→ **Task details**
Retype all of the entries exactly as they appear.
Top of Entries provided
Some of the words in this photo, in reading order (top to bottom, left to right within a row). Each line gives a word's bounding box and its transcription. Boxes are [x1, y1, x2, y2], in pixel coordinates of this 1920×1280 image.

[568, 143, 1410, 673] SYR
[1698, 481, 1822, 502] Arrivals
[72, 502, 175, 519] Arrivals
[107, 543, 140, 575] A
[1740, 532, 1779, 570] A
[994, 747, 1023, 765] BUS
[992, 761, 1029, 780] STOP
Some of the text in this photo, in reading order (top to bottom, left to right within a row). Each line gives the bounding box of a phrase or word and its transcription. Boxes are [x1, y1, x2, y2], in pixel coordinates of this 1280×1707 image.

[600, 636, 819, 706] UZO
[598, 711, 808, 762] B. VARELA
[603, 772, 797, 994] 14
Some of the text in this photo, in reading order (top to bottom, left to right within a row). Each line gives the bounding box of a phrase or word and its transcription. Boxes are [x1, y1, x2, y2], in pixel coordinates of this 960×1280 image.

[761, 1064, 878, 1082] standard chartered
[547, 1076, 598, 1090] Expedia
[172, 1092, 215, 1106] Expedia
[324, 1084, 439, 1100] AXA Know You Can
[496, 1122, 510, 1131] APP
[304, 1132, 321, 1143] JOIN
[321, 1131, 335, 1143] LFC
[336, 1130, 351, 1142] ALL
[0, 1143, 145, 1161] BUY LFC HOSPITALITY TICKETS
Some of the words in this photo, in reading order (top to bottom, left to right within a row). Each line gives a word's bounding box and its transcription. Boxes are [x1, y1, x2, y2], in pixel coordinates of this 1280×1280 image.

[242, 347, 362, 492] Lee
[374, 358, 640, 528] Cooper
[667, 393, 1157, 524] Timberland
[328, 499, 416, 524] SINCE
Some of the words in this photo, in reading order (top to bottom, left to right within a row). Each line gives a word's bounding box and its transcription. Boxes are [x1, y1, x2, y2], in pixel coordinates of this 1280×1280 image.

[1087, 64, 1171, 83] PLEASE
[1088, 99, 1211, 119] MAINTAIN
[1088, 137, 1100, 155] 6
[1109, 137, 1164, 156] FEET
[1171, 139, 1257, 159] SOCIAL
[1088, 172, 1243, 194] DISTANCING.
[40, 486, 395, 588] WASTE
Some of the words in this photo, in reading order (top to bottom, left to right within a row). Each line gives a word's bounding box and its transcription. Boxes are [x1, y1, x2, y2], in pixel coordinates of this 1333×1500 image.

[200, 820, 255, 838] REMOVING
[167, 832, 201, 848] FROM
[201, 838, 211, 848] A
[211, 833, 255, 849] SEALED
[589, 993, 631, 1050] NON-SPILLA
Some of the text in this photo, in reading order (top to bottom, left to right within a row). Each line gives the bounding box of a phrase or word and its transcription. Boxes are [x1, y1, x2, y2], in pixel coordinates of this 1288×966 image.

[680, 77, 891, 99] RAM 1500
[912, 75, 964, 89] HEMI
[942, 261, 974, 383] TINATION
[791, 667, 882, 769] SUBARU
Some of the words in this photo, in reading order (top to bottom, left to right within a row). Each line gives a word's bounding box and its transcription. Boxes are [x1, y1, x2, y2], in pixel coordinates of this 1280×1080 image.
Bottom of Entries provided
→ **Result for this task**
Some of the words in this photo, in reading order (top to bottom, left to right within a row). Each line gives a word's bounding box and its transcription. Boxes are [x1, y1, x2, y2], in pixel coordinates of this 1920×1280 image.

[568, 143, 1410, 673] SYR
[1698, 481, 1822, 502] Arrivals
[72, 502, 175, 519] Arrivals
[107, 543, 140, 575] A
[1740, 532, 1779, 570] A
[994, 747, 1023, 765] BUS
[992, 761, 1029, 780] STOP
Some of the text in this photo, in reading order (top to bottom, left to right within a row). Each line gives the bounding box of a phrase or word and its transcription. Boxes are [x1, y1, x2, y2], in pixel coordinates of this 1280×1707 image.

[600, 636, 819, 706] UZO
[598, 711, 808, 762] B. VARELA
[603, 772, 797, 994] 14
Some of the text in this photo, in reading order (top to bottom, left to right within a row). Each line gives the bounding box of a phrase or word and its transcription. Boxes are [x1, y1, x2, y2], in pixel coordinates of this 960×1280 image.

[761, 1064, 878, 1082] standard chartered
[547, 1076, 598, 1090] Expedia
[172, 1092, 215, 1106] Expedia
[324, 1084, 439, 1100] AXA Know You Can
[496, 1122, 510, 1131] APP
[304, 1132, 321, 1143] JOIN
[321, 1131, 335, 1143] LFC
[336, 1130, 351, 1142] ALL
[0, 1143, 145, 1161] BUY LFC HOSPITALITY TICKETS
Some of the words in this photo, in reading order (top to bottom, left to right within a row). Each line gives a word's bounding box and its transcription. Boxes are [x1, y1, x2, y2], in pixel coordinates of this 1280×1280 image.

[242, 347, 362, 492] Lee
[374, 358, 640, 528] Cooper
[667, 393, 1157, 524] Timberland
[328, 499, 416, 524] SINCE
Some of the words in this photo, in reading order (top to bottom, left to right within a row). Each line gives a word's bounding box and its transcription. Boxes are [x1, y1, x2, y2], in pixel coordinates of this 1280×1280 image.

[1087, 64, 1171, 83] PLEASE
[1088, 99, 1211, 119] MAINTAIN
[1088, 137, 1100, 155] 6
[1109, 137, 1164, 156] FEET
[1171, 139, 1257, 159] SOCIAL
[1088, 172, 1243, 194] DISTANCING.
[40, 486, 395, 588] WASTE
Some of the words in this photo, in reading order (top to bottom, left to right within a row). Each line gives a word's bounding box and its transcription. Boxes are [x1, y1, x2, y2], in pixel coordinates of this 1333×1500 image.

[200, 820, 255, 838] REMOVING
[167, 832, 201, 848] FROM
[201, 838, 211, 848] A
[211, 833, 255, 849] SEALED
[589, 993, 631, 1050] NON-SPILLA
Some of the text in this photo, in reading order (top to bottom, left to right within a row). Each line gives the bounding box of a phrase or word and its transcription. Boxes are [x1, y1, x2, y2], in pixel coordinates of this 1288×966 image.

[680, 77, 891, 99] RAM 1500
[912, 75, 964, 89] HEMI
[942, 261, 974, 383] TINATION
[791, 667, 882, 769] SUBARU
Some of the words in this photo, in reading order (top to bottom, left to right within a row). Each line gives a word's bounding box and its transcription. Boxes are [x1, y1, x2, y2], in pixel coordinates of this 1280×1080 image.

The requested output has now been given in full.